The enrichment of nuclear fuel may significantly influence the fuel performance of a reactor.

This study aims to explore the effect of U₃Si₂-Al plate-type fuel enrichment on its performance,

The fuel performance analysis code BEEs-Plates, neutronics Monte Carlo code OpenMC, and the one-dimensional system analysis code ZEBRA were coupled together within the MOOSE (Multiphysics Object-Oriented Simulation Environment) framework. Then the coupling code was employed to conduct the multiphysics coupling calculation for JRR-3 (Japanese Research Reactor No.3) fuel assembly enriched at 15%, 20%, and 25%. The data exchange among the three codes were realized with the help of interpolation transfer method implemented in MOOSE. Additionally, neutron physical parameters and fuel performance parameters after 231 d of operation were analyzed when the average fuel consumption of the module was 125.71 GWd?tU^-1.

The calculation results indicate that the max power density of fuel assembly enriched at 25% is 18% higher than the assembly enriched at 15%. Due to the high thermal conductivity of aluminum, the temperature difference in the fuel assembly is almost negligible whilst there is a significant difference in the fast neutron fluence.
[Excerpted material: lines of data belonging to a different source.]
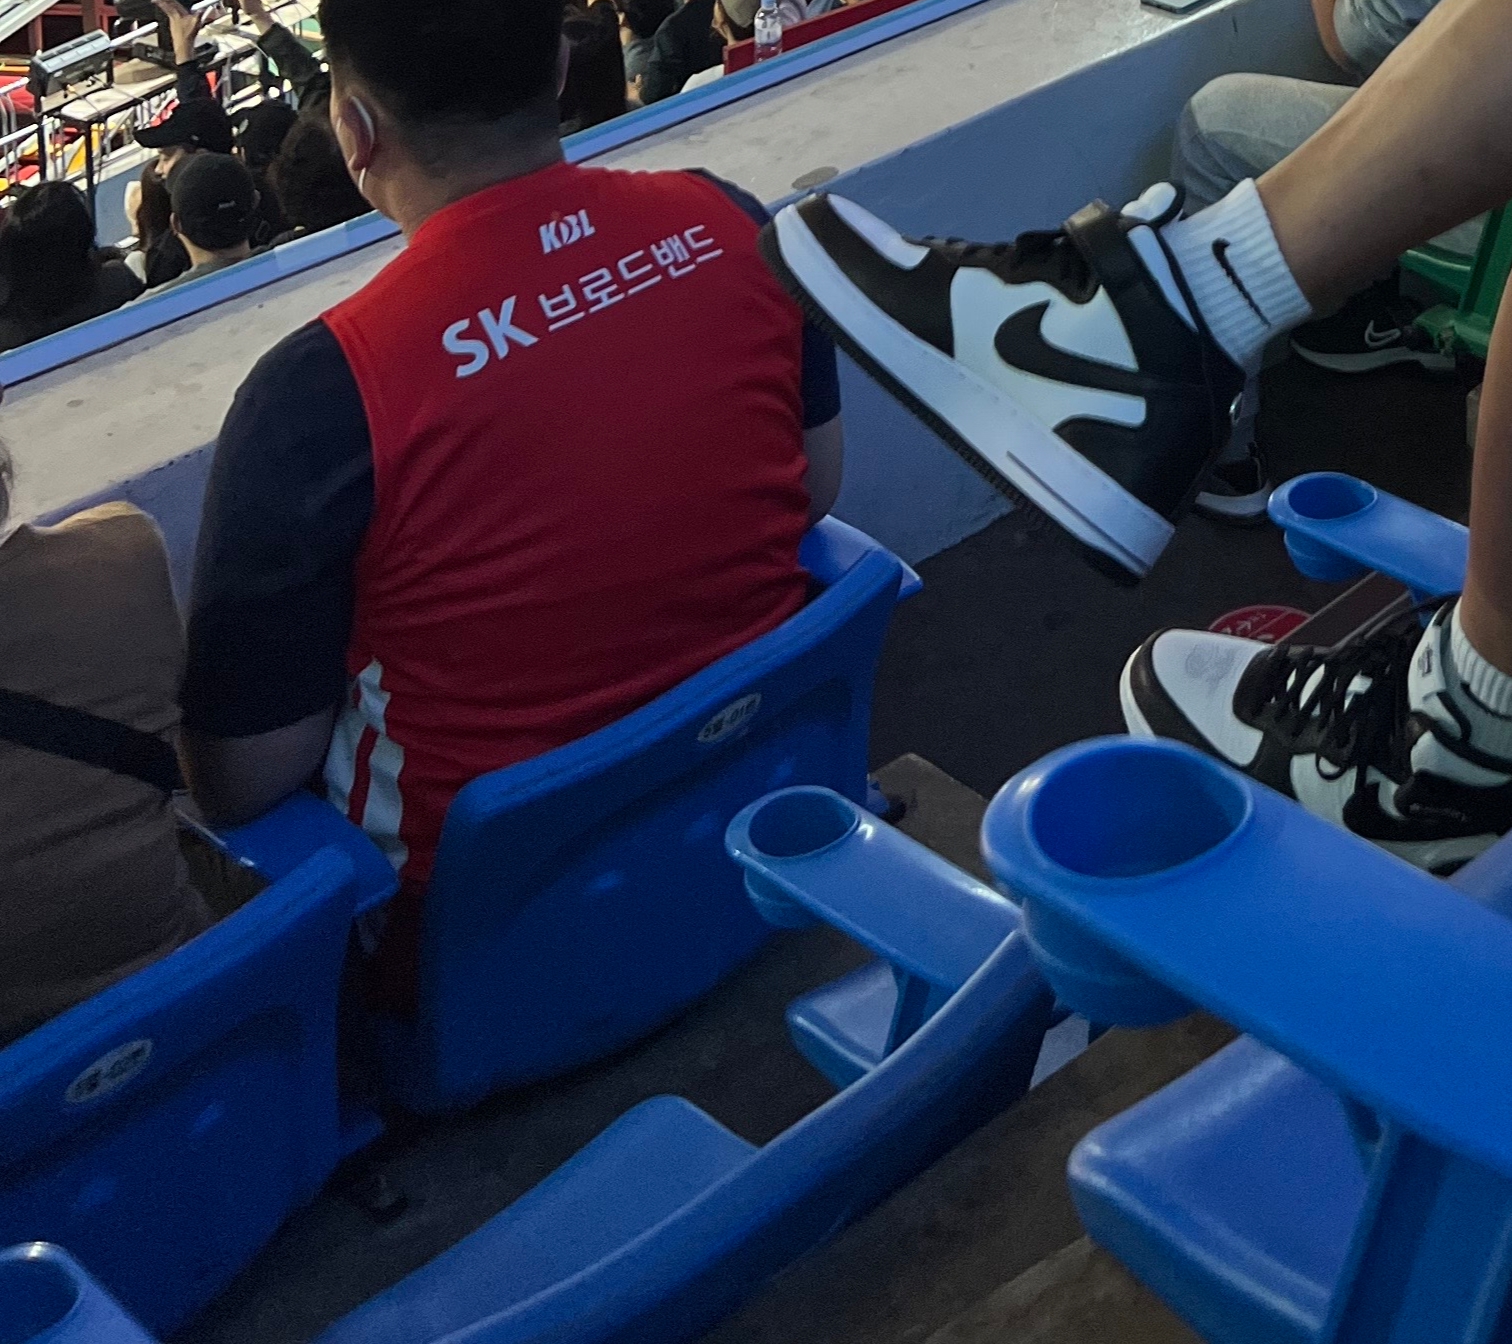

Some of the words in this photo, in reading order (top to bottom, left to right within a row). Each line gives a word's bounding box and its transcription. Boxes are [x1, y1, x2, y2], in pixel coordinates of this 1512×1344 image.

[538, 209, 596, 254] KBL
[442, 295, 539, 378] SK
[538, 224, 723, 332] 브로드밴드
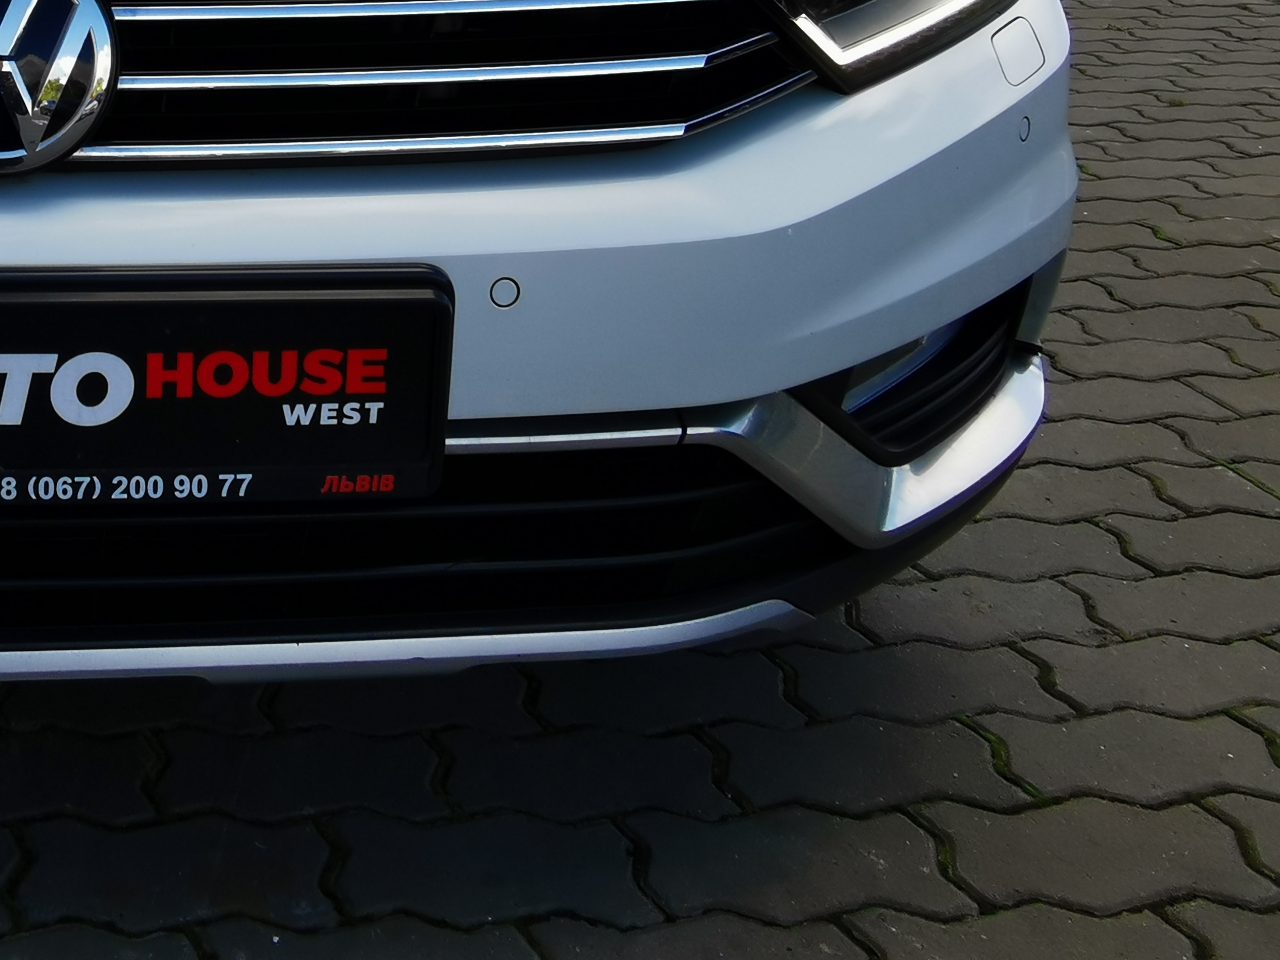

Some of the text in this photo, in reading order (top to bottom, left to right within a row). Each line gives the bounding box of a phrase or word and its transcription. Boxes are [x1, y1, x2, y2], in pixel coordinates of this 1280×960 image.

[145, 348, 388, 399] HOUSE
[282, 402, 384, 426] WEST
[27, 475, 101, 500] (067)
[111, 475, 164, 500] 200
[173, 474, 208, 499] 90
[219, 473, 253, 498] 77
[321, 474, 395, 494] ЛЬВІВ
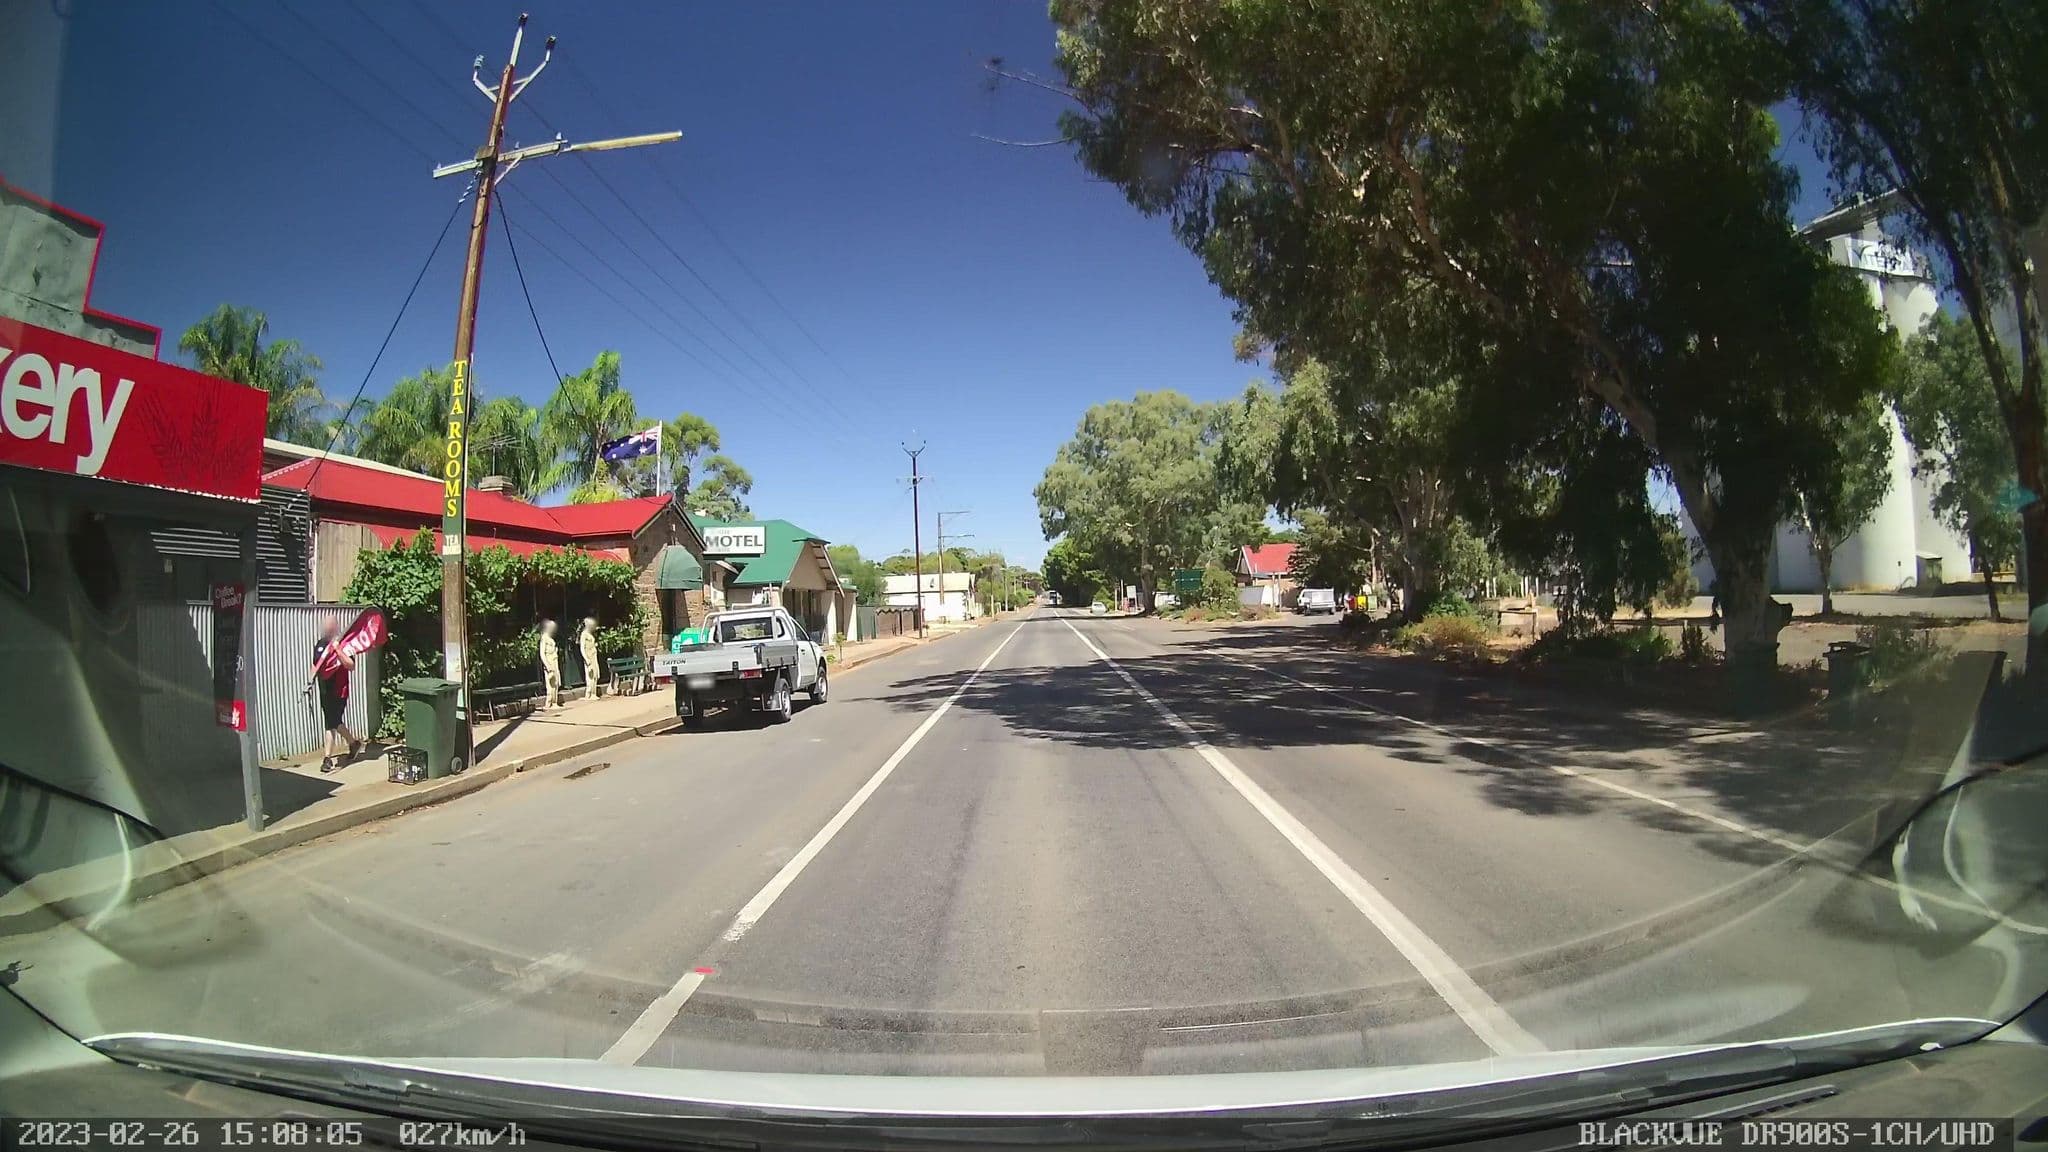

The results of fuel temperature and fast neutron fluence show that the volumetric strain is more obviously affected by the fuel temperature. Specifically, the plastic strain of the assembly with 25% enrichment is approximately 40% higher than that of the assembly with 15% enrichment.

The analysis results of this study suggest that the assembly with a higher enrichment is more prone to failure.